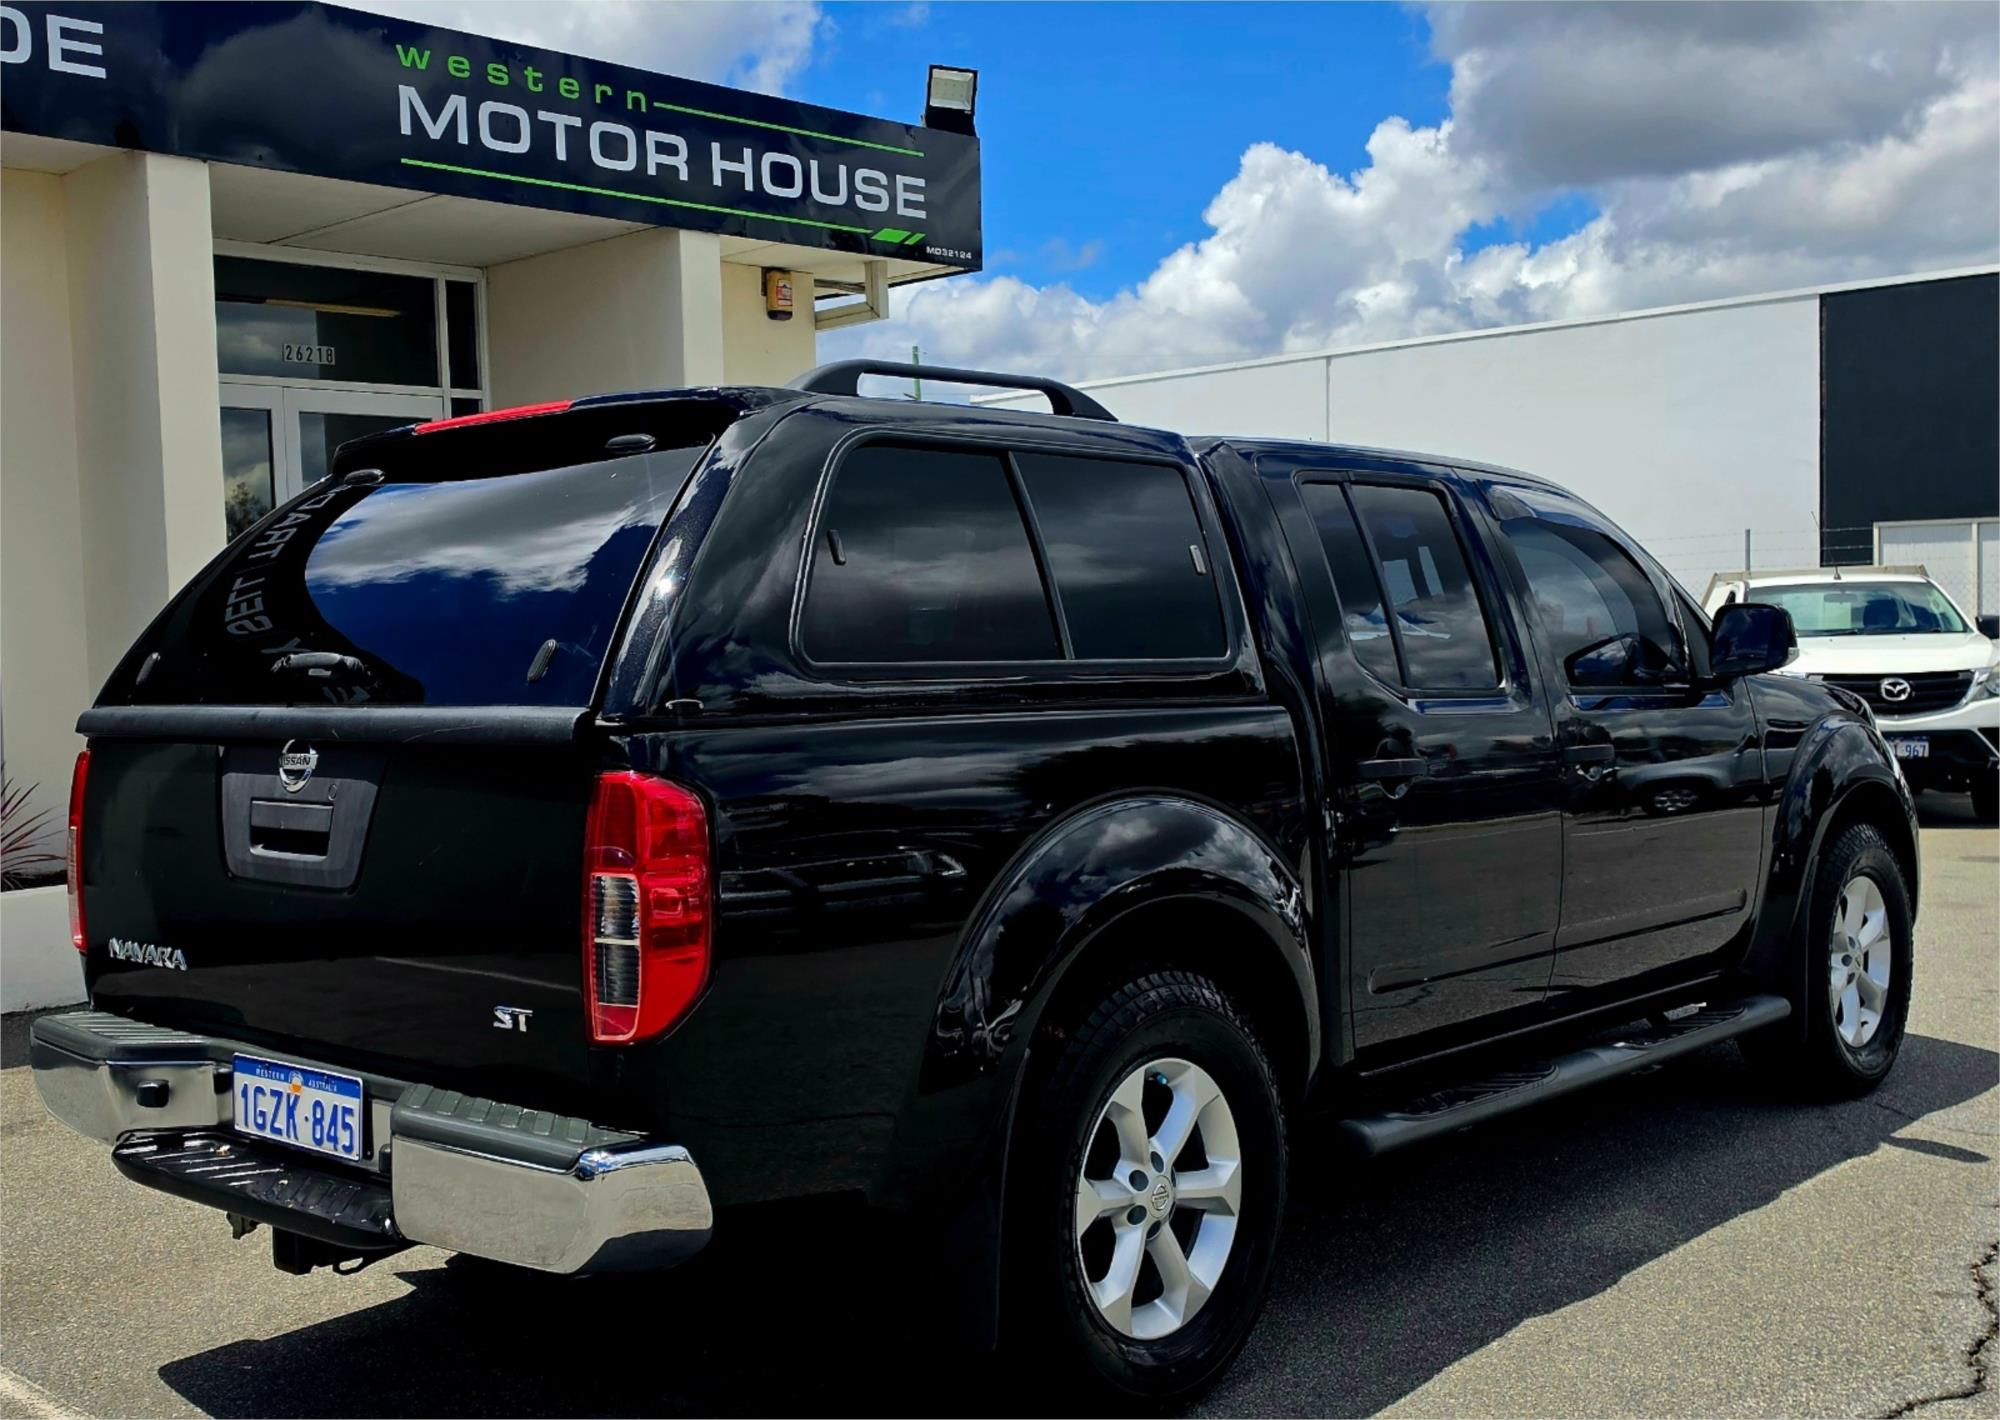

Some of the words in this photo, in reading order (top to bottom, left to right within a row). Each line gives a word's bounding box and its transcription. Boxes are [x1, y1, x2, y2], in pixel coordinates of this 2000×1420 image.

[396, 44, 647, 112] western
[398, 84, 688, 181] MOTOR
[711, 141, 927, 219] HOUSE
[285, 345, 333, 363] 26218
[108, 937, 187, 971] NAVARA
[493, 1005, 533, 1032] ST
[255, 1068, 285, 1081] WESTERN
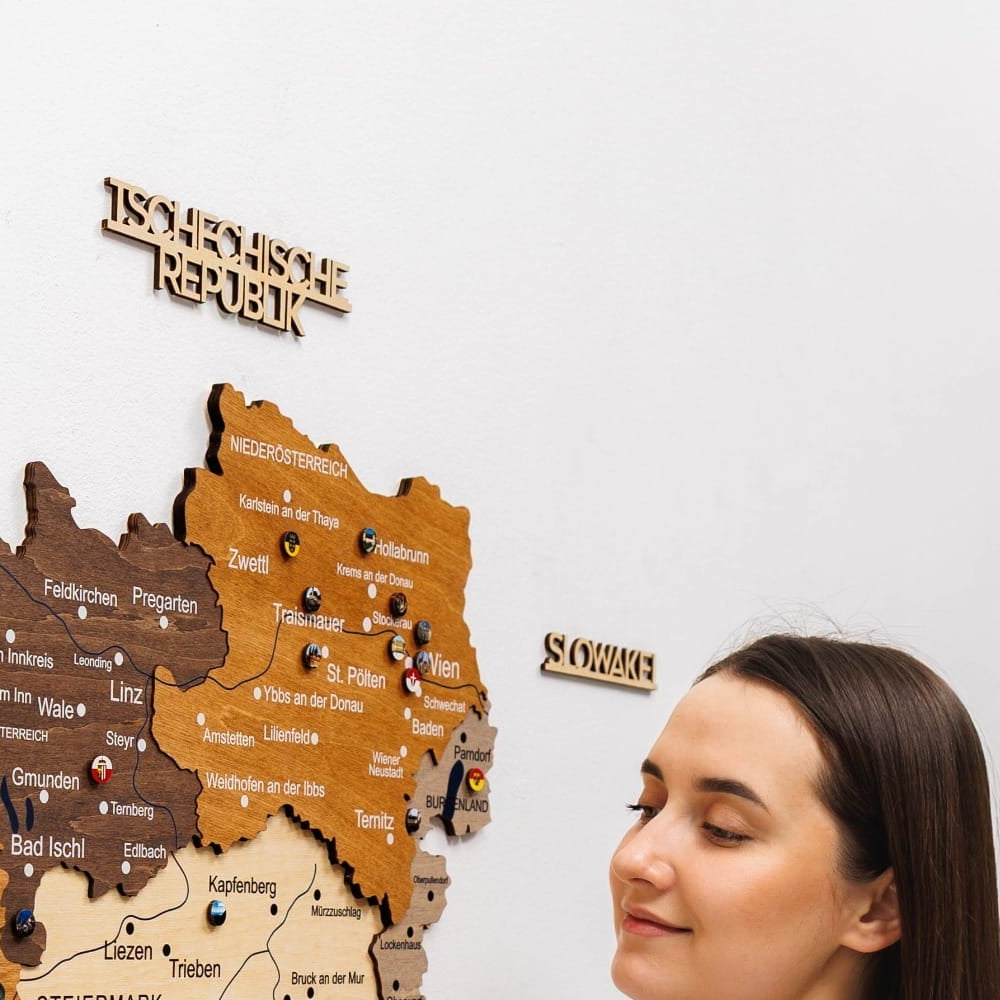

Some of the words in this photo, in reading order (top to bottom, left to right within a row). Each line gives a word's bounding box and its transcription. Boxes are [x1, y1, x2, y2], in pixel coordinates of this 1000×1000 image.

[103, 177, 351, 308] TSCHECHISCHE
[153, 244, 306, 337] REPUBLIK
[230, 435, 348, 479] NIEDERÖSTERREICH
[239, 493, 280, 515] Karlstein
[281, 505, 294, 518] an
[296, 507, 310, 523] der
[313, 511, 340, 530] Thaya
[228, 548, 270, 575] Zwettl
[374, 539, 430, 566] Hollabrunn
[336, 563, 362, 580] Krems
[363, 569, 374, 581] an
[375, 568, 388, 584] der
[389, 573, 414, 589] Donau
[44, 578, 118, 607] Feldkirchen
[132, 586, 198, 615] Pregarten
[273, 602, 345, 633] Traismauer
[372, 610, 413, 630] Stockerau
[8, 647, 54, 669] Innkreis
[73, 653, 113, 672] Leonding
[327, 663, 344, 684] St.
[348, 664, 386, 690] Pölten
[14, 687, 32, 705] Inn
[110, 679, 144, 705] Linz
[263, 685, 291, 706] Ybbs
[293, 691, 307, 706] an
[309, 689, 328, 708] der
[330, 693, 364, 713] Donau
[38, 697, 75, 720] Wale
[424, 696, 466, 713] Schwechat
[203, 726, 255, 748] Amstetten
[263, 725, 310, 745] Lilienfeld
[412, 718, 444, 737] Baden
[106, 730, 135, 751] Steyr
[372, 751, 401, 766] Wiener
[454, 745, 492, 763] Parndorf
[11, 766, 80, 791] Gmunden
[368, 763, 404, 779] Neustadt
[206, 772, 264, 793] Weidhofen
[267, 779, 281, 794] an
[283, 777, 301, 796] der
[303, 780, 326, 798] Ibbs
[110, 801, 154, 821] Ternberg
[426, 794, 489, 813] BURENLAND
[354, 809, 395, 831] Ternitz
[11, 833, 43, 858] Bad
[49, 836, 85, 859] Ischl
[124, 842, 167, 860] Edlbach
[208, 875, 277, 899] Kapfenberg
[311, 905, 362, 920] Mürzzuschlag
[104, 940, 153, 961] Liezen
[380, 939, 421, 951] Lockenhaus
[169, 958, 221, 979] Trieben
[291, 971, 317, 986] Bruck
[319, 974, 331, 986] an
[332, 971, 346, 985] der
[348, 971, 365, 985] Mur
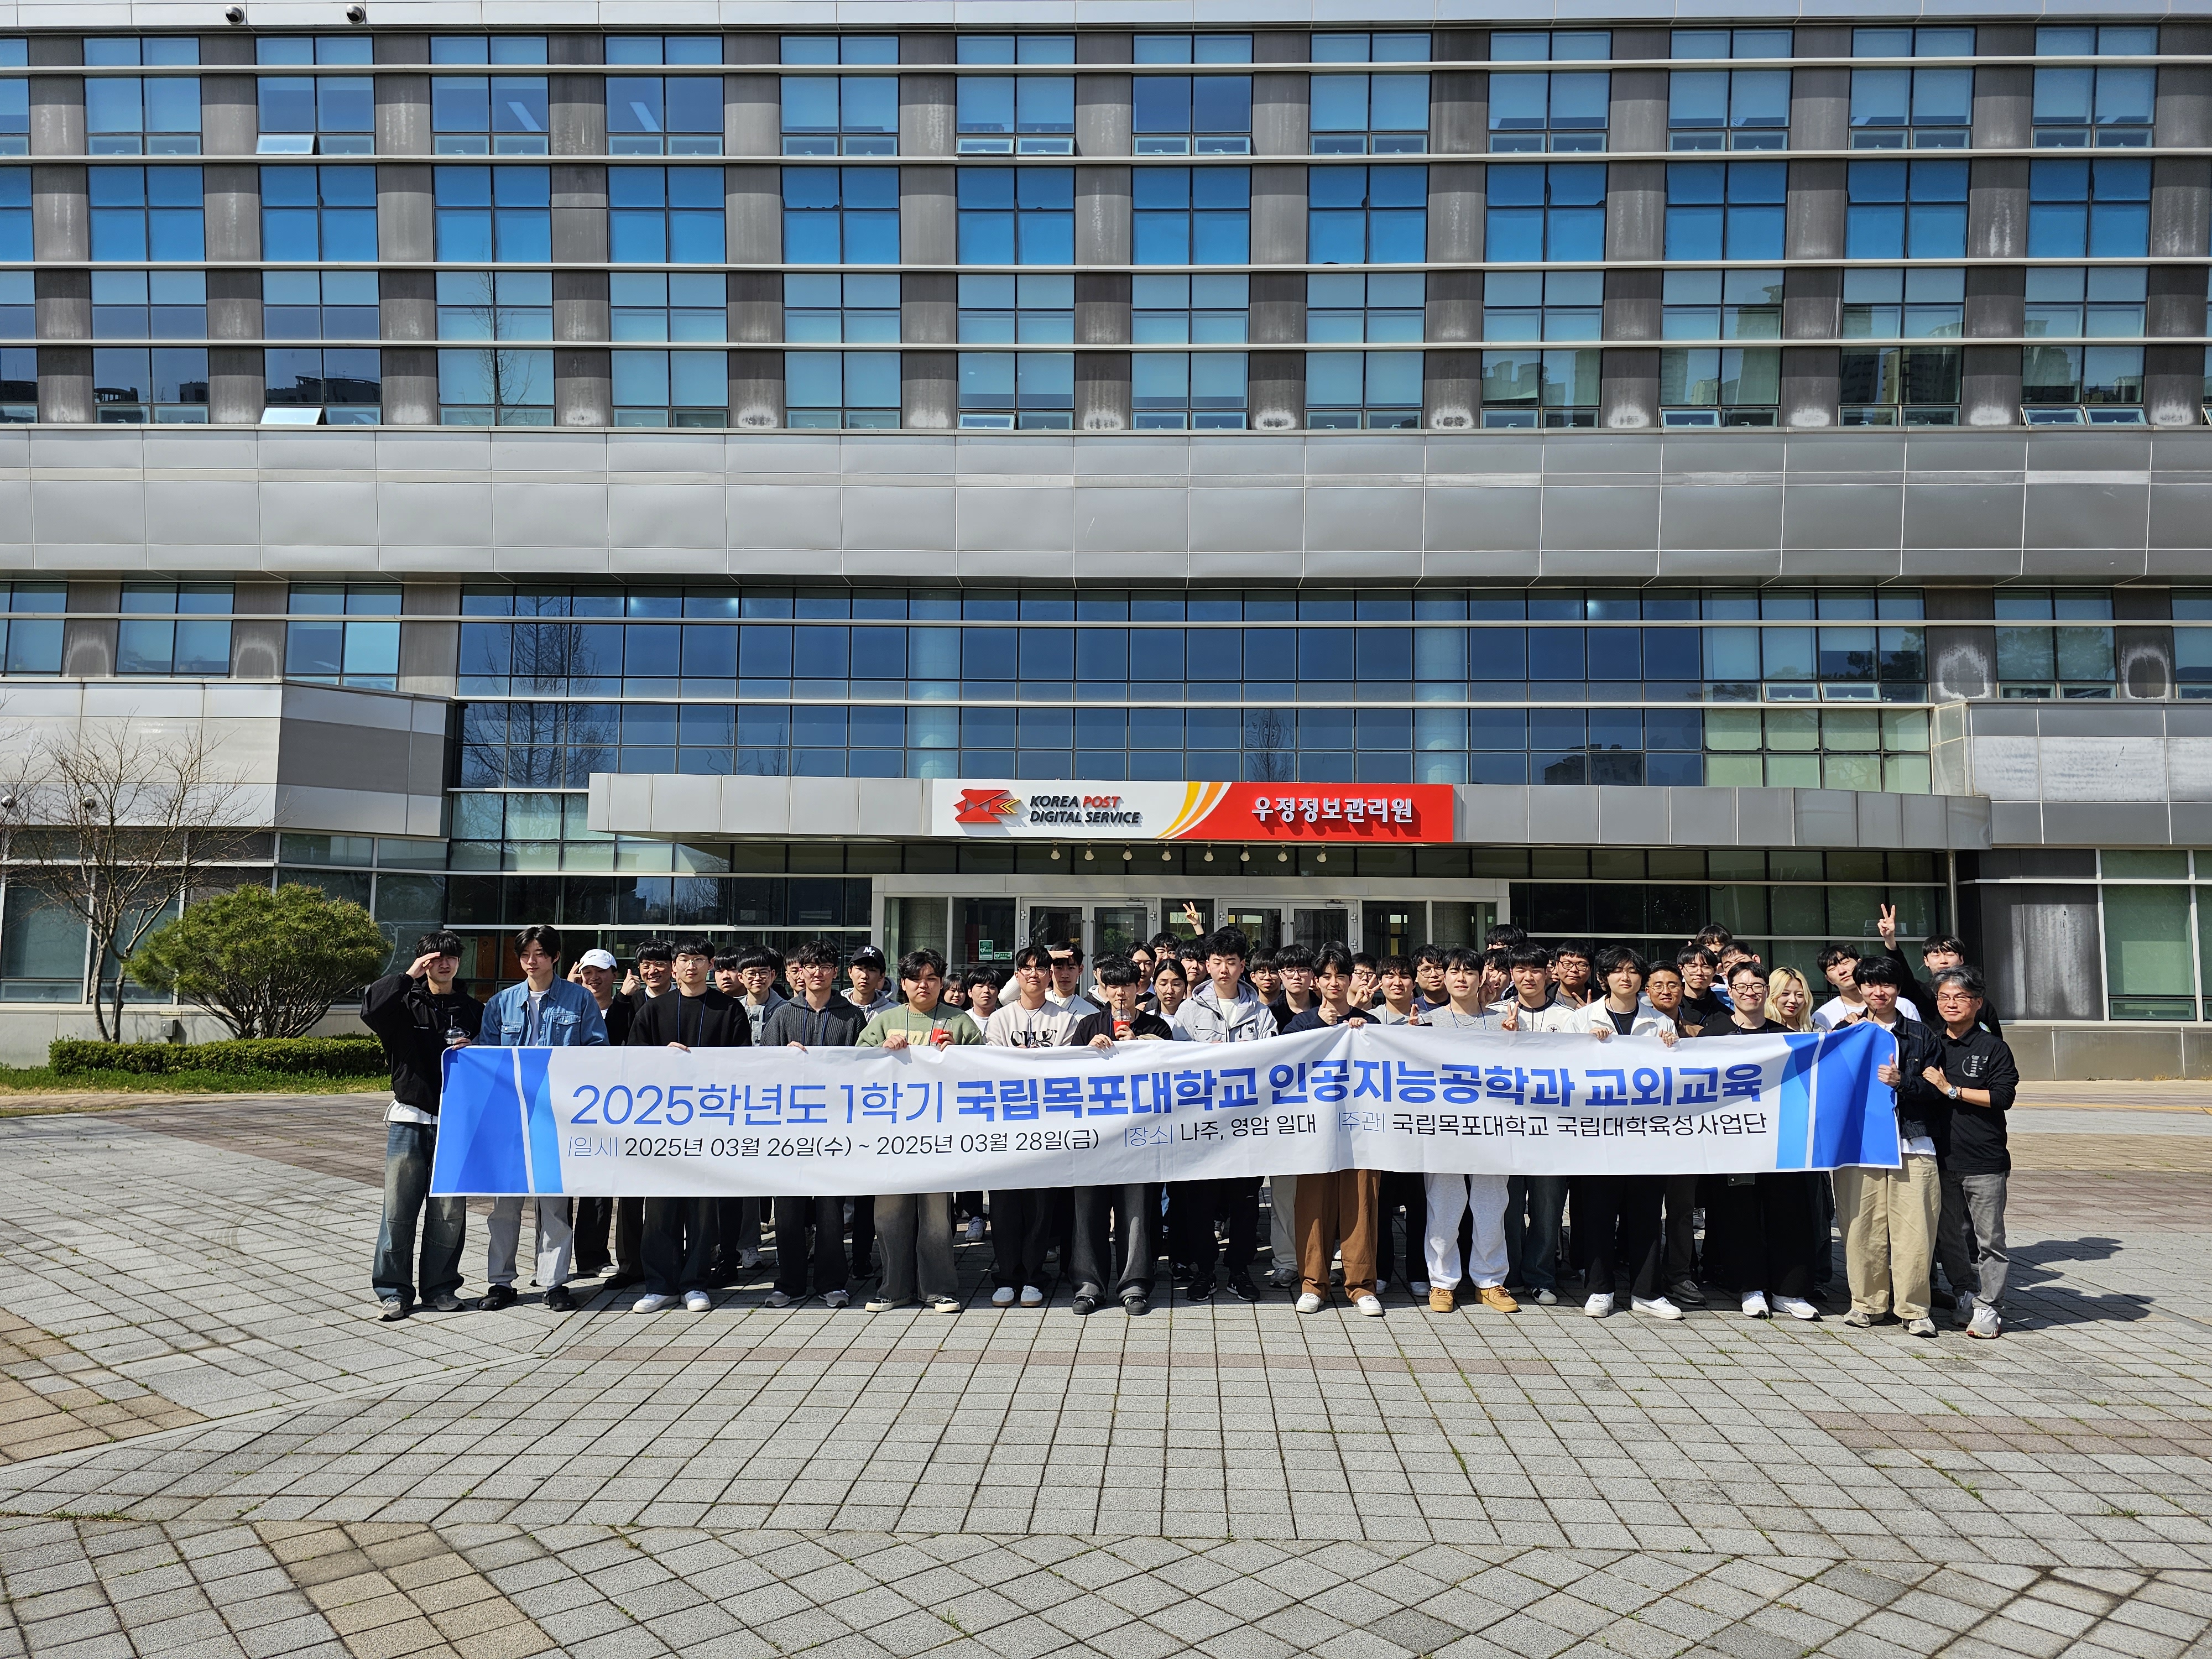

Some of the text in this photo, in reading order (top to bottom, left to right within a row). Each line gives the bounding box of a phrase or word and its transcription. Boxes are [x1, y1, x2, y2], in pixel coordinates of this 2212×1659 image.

________________________________________

▶ _YOUR OBJECTIVE_
What is needed is every entry written out word for word, with no pictures.

▶ _ANSWER TO THIS TASK_
Some of the words in this photo, in reading order (top to bottom, left to right within a row). Each line gives a word's bounding box and its transcription. Boxes are [x1, y1, x2, y2], in pixel coordinates of this 2000×1420 image.

[396, 44, 647, 112] western
[398, 84, 688, 181] MOTOR
[711, 141, 927, 219] HOUSE
[285, 345, 333, 363] 26218
[108, 937, 187, 971] NAVARA
[493, 1005, 533, 1032] ST
[255, 1068, 285, 1081] WESTERN

Some of the words in this photo, in reading order (top to bottom, left to right within a row). Each line gives a word's bounding box and its transcription. Boxes are [x1, y1, x2, y2], in pixel coordinates of this 1000×1000 image.

[103, 177, 351, 308] TSCHECHISCHE
[153, 244, 306, 337] REPUBLIK
[230, 435, 348, 479] NIEDERÖSTERREICH
[239, 493, 280, 515] Karlstein
[281, 505, 294, 518] an
[296, 507, 310, 523] der
[313, 511, 340, 530] Thaya
[228, 548, 270, 575] Zwettl
[374, 539, 430, 566] Hollabrunn
[336, 563, 362, 580] Krems
[363, 569, 374, 581] an
[375, 568, 388, 584] der
[389, 573, 414, 589] Donau
[44, 578, 118, 607] Feldkirchen
[132, 586, 198, 615] Pregarten
[273, 602, 345, 633] Traismauer
[372, 610, 413, 630] Stockerau
[8, 647, 54, 669] Innkreis
[73, 653, 113, 672] Leonding
[327, 663, 344, 684] St.
[348, 664, 386, 690] Pölten
[14, 687, 32, 705] Inn
[110, 679, 144, 705] Linz
[263, 685, 291, 706] Ybbs
[293, 691, 307, 706] an
[309, 689, 328, 708] der
[330, 693, 364, 713] Donau
[38, 697, 75, 720] Wale
[424, 696, 466, 713] Schwechat
[203, 726, 255, 748] Amstetten
[263, 725, 310, 745] Lilienfeld
[412, 718, 444, 737] Baden
[106, 730, 135, 751] Steyr
[372, 751, 401, 766] Wiener
[454, 745, 492, 763] Parndorf
[11, 766, 80, 791] Gmunden
[368, 763, 404, 779] Neustadt
[206, 772, 264, 793] Weidhofen
[267, 779, 281, 794] an
[283, 777, 301, 796] der
[303, 780, 326, 798] Ibbs
[110, 801, 154, 821] Ternberg
[426, 794, 489, 813] BURENLAND
[354, 809, 395, 831] Ternitz
[11, 833, 43, 858] Bad
[49, 836, 85, 859] Ischl
[124, 842, 167, 860] Edlbach
[208, 875, 277, 899] Kapfenberg
[311, 905, 362, 920] Mürzzuschlag
[104, 940, 153, 961] Liezen
[380, 939, 421, 951] Lockenhaus
[169, 958, 221, 979] Trieben
[291, 971, 317, 986] Bruck
[319, 974, 331, 986] an
[332, 971, 346, 985] der
[348, 971, 365, 985] Mur

Some of the text in this photo, in reading order (top to bottom, left to right within a row). Each line gives the bounding box of a phrase or word and its transcription. Boxes are [x1, y1, x2, y2], in pixel coordinates of this 2212×1659 image.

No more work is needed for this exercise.